Jordi hanya melotot di tempat saat ia tahu Jay mulai menganiayanya, "Ndro, bisa gak sih gak usah mukul gitu, sakit tahu!" protesnya.


"Joko kan juga suka gitu sama Indro. Apalagi kepala Indro lebih sering ditimpuk" Jay memasang wajah menderita dan Jordi tidak tega melihat.


"Cup, cup, cup. Maafin gue ya" Jordi merangkul tubuh Jay yang hanya bisa dipeluk separuh itu. Lalu mendorong keras, "tapi badan lo sama gue beda! Seenggaknya pelanin dikit ninju gue, gue hampir jatoh tuh tadi"

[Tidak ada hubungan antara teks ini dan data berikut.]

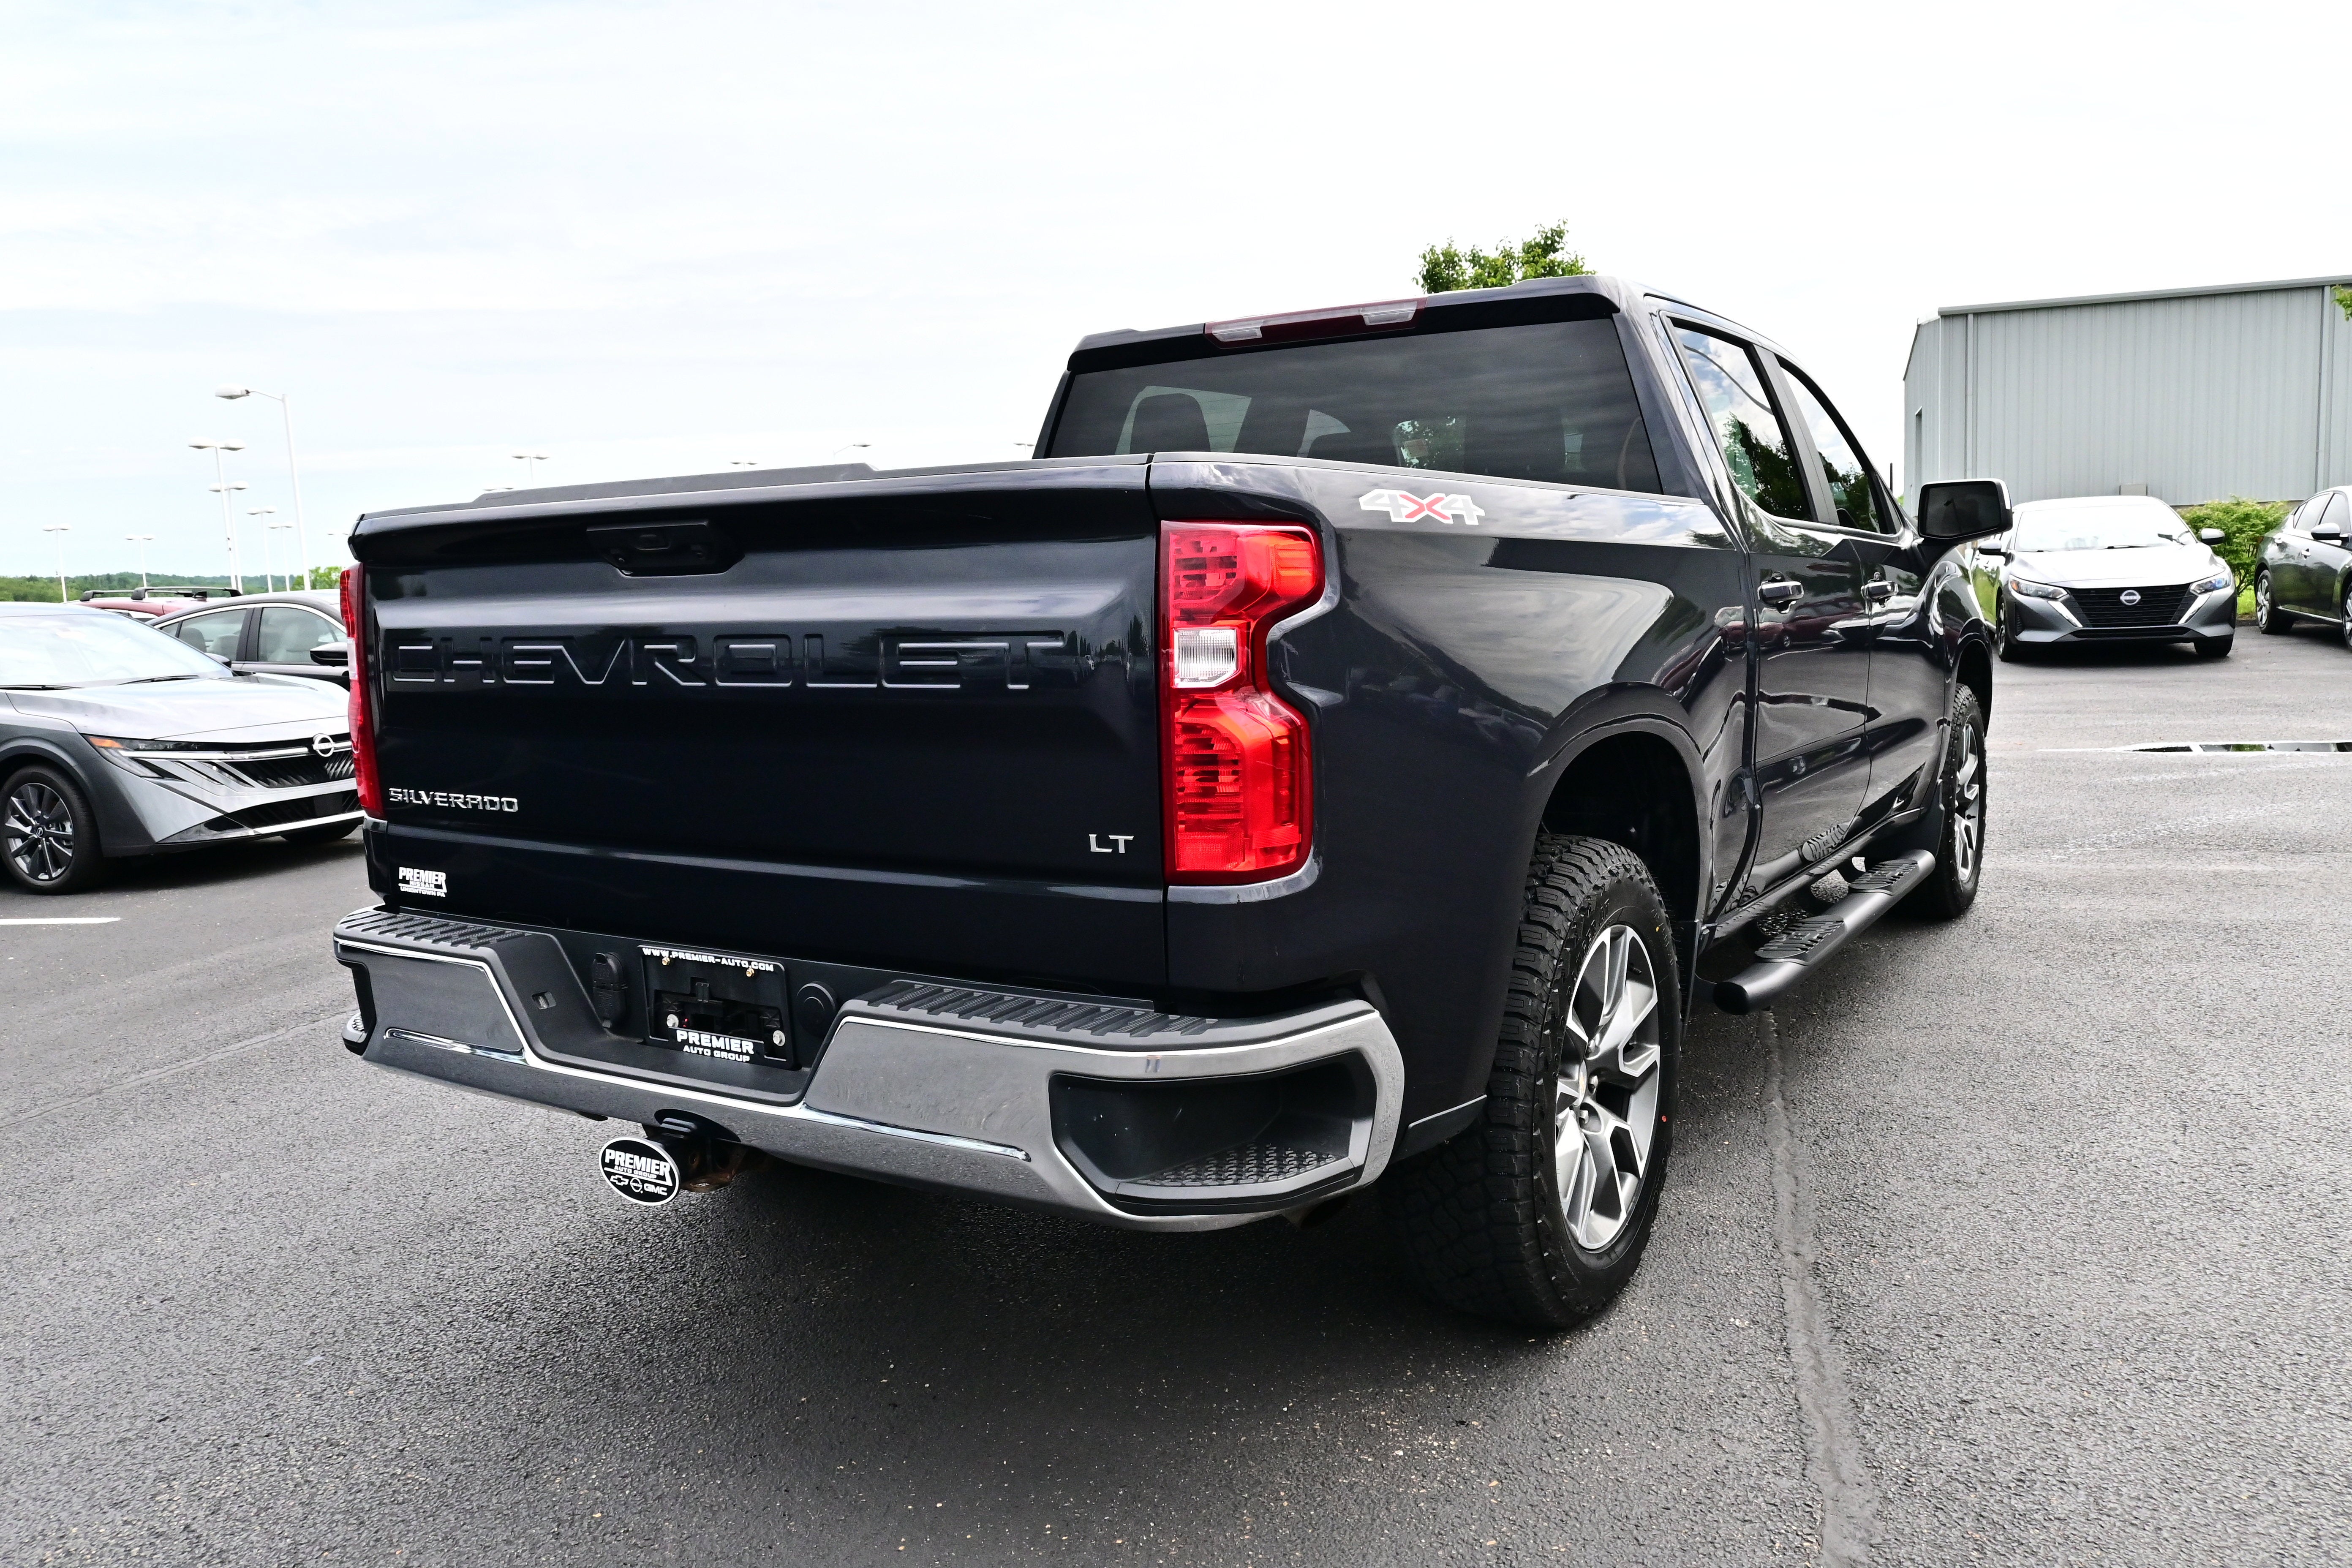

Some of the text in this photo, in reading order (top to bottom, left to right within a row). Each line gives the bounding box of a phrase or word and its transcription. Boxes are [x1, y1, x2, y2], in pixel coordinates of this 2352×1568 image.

[389, 633, 1064, 690] CHEVROLET
[389, 787, 519, 812] SILVERADO
[1089, 833, 1135, 854] LT
[399, 867, 446, 885] PREMIER
[409, 880, 435, 888] NISSAN
[400, 886, 436, 896] UNIONTOWN
[642, 947, 774, 972] WWW.PREMIER-AUTO.COM
[676, 1029, 754, 1054] PREMIER
[683, 1045, 750, 1062] AUTO GROUP
[604, 1149, 672, 1177] PREMIER
[614, 1165, 657, 1179] AUTO GROUP
[643, 1183, 667, 1196] GMC

"Iya maafin Indro kalau gitu" mereka menjabat tangan ala anak SD yang baru saja bertengkar saling mengejek nama Bapak. Saat seperti itu, seorang siswa datang menemui mereka. Jordi bahkan sampai bangkit ketika Billy mendatangi mereka tanpa Dika di sampingnya. Lagian, ini jam masuk. Tumben si Billy bolos?


"Hai Billy, mana Doko?"


Jay menyapa sekedar berbasa-basi. Tapi dari raut wajahnya, aura Billy sedang tidak baik-baik saja. Mungkin dia demam campak. Pikir Jay.

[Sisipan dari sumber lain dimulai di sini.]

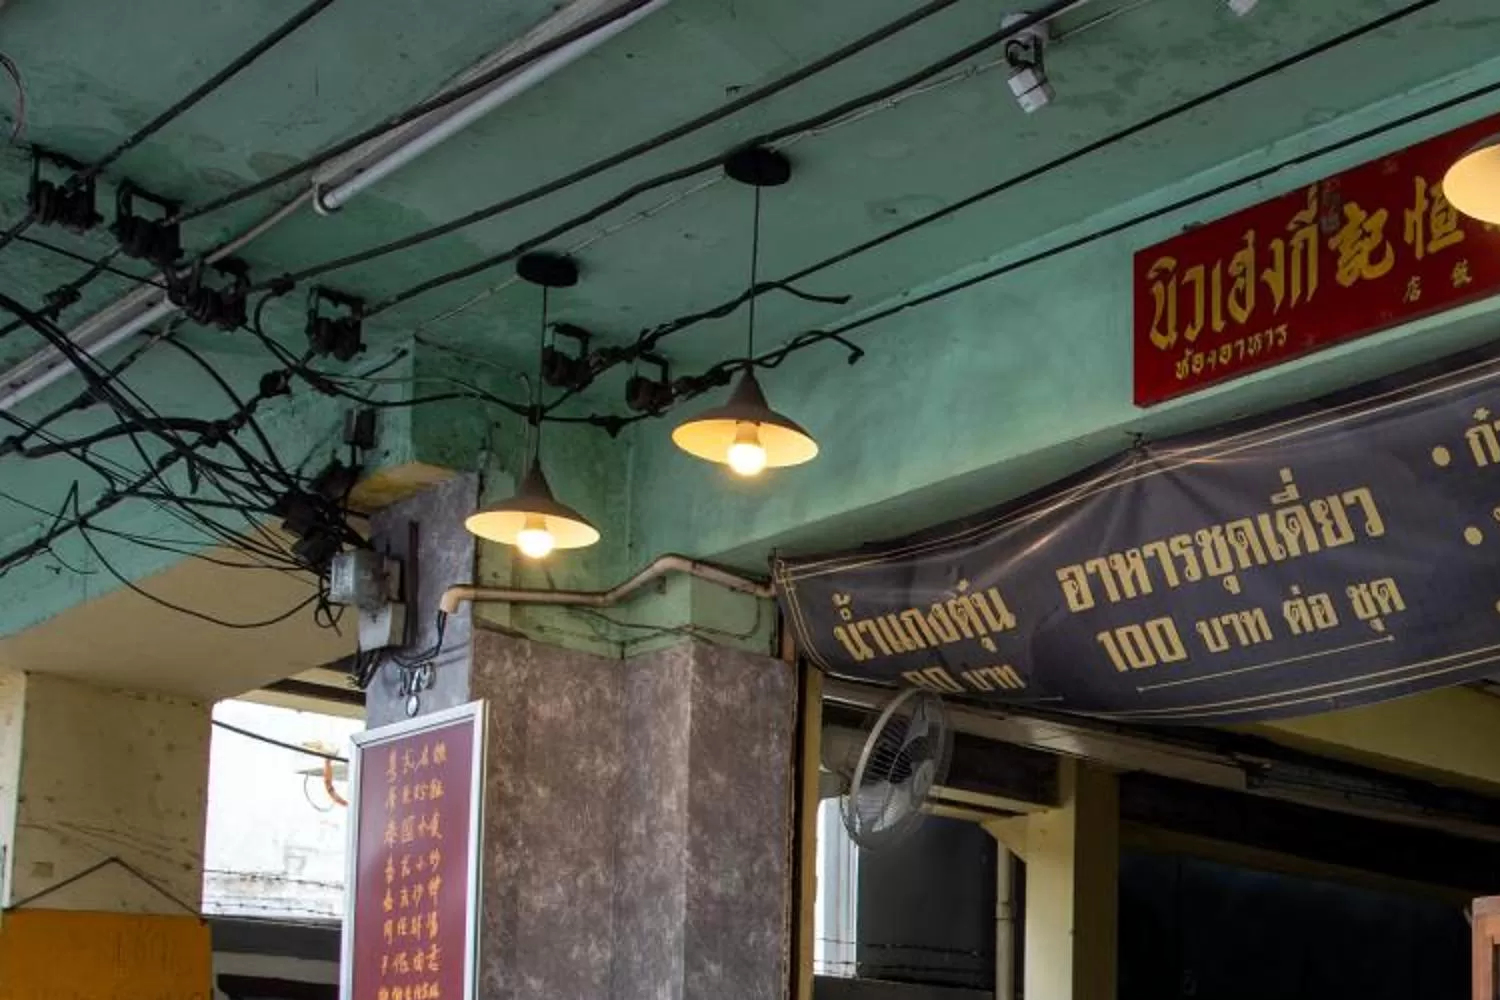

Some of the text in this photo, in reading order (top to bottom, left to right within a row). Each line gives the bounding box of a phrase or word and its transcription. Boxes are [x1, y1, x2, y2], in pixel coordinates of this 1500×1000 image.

[1174, 323, 1289, 380] ห้องอาหาร
[1055, 466, 1386, 614] อาหารชุดเดี่ยว
[832, 578, 1018, 663] น้ำแกงตุ๋น
[1096, 576, 1407, 673] 100 บาท ต่อ ชุด
[960, 663, 1028, 692] บาท
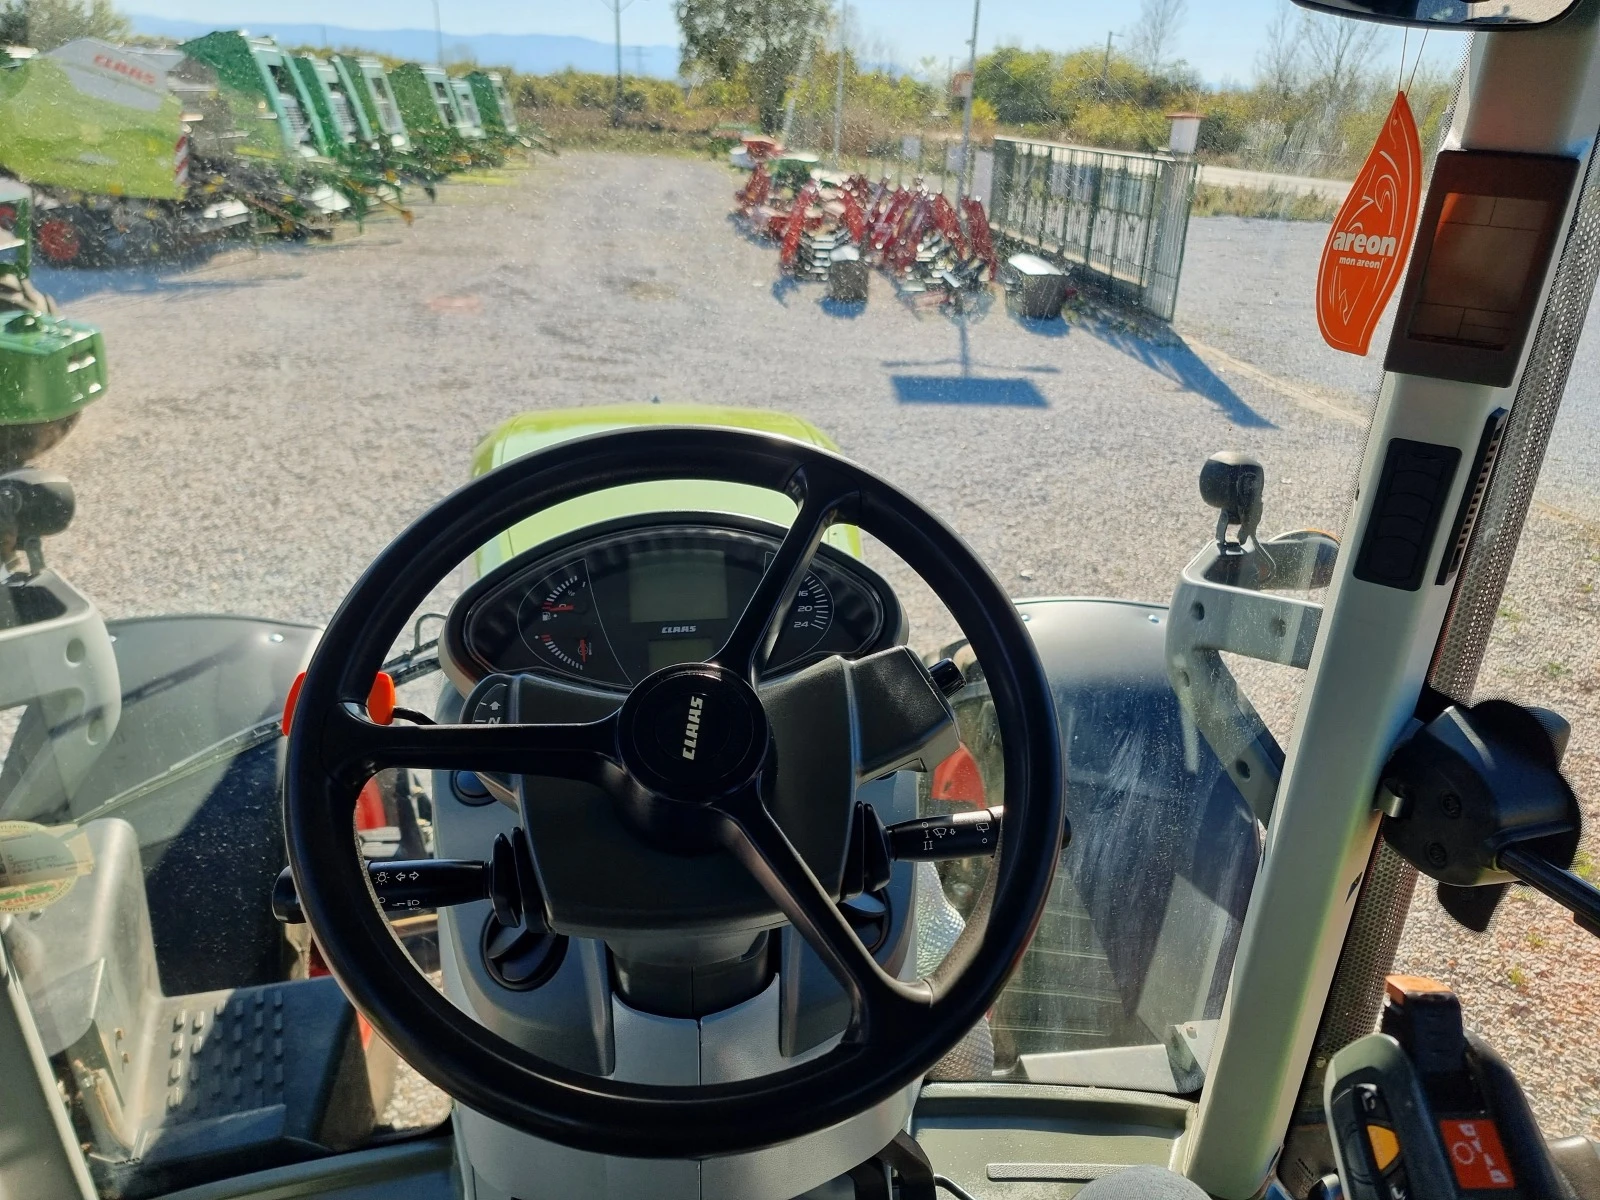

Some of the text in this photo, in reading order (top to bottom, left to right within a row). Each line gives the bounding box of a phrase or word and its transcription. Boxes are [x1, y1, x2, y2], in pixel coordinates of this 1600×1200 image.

[1332, 231, 1397, 257] areon
[1339, 256, 1380, 269] mon areon
[661, 625, 697, 634] CLAAS
[682, 695, 704, 760] CLAAS

"Gak usah sok asik lo berdua. Mana si Hito?!" dengus Billy.


"Ya elah, ketus amat Bil. Ato gak ada lagi ke toilet dia. Kenapa?" tanya Jordi  dengan nada baik-baik.


"Bilangin sama dia, jangan main-main sama gue!" desis Billy, seperti emosi.


"Billy, kalau gak mau main-main sama Ato udahan aja. Udah gede juga masih aja main kucing-kucingan" celetuk Jay tanpa dosa. Tentu saja hal itu langsung memancing kemarahan Billy.


"Gue lagi serius B*bi!" raungnya murka, kerah seragamnya begitu saja ditariknya sampai Jay sesak nafas. Beruntung Jordi melerainya.


Jay terlonjak mundur mendengar itu. Ia menciut di samping tubuh Jordi. Baru kali ini ia dikatain begitu, Sarageni saja yang hobi mengatai dia gendut tidak sampai mengatai dia B*bi. Mata Jay berkaca-kaca dengan tangan bergetar di depan dada.


Jordi yang menyadari sahabatnya sakit hati mencoba menghampiri Billy untuk memperingatinya supaya bisa menjaga ucapannya itu. "Lo kalau ada masalah diomongin baik-baik, Bro... Jangan ngatain orang kayak gitu, gak malu lo sekolah tinggi-tinggi tapi kelakuan kayak t*i"


"Kalau gitu ngaku sama gue! Siapa di antara kalian yang naruh Apel sama surat di meja Rhea?!" sergah Billy lagi.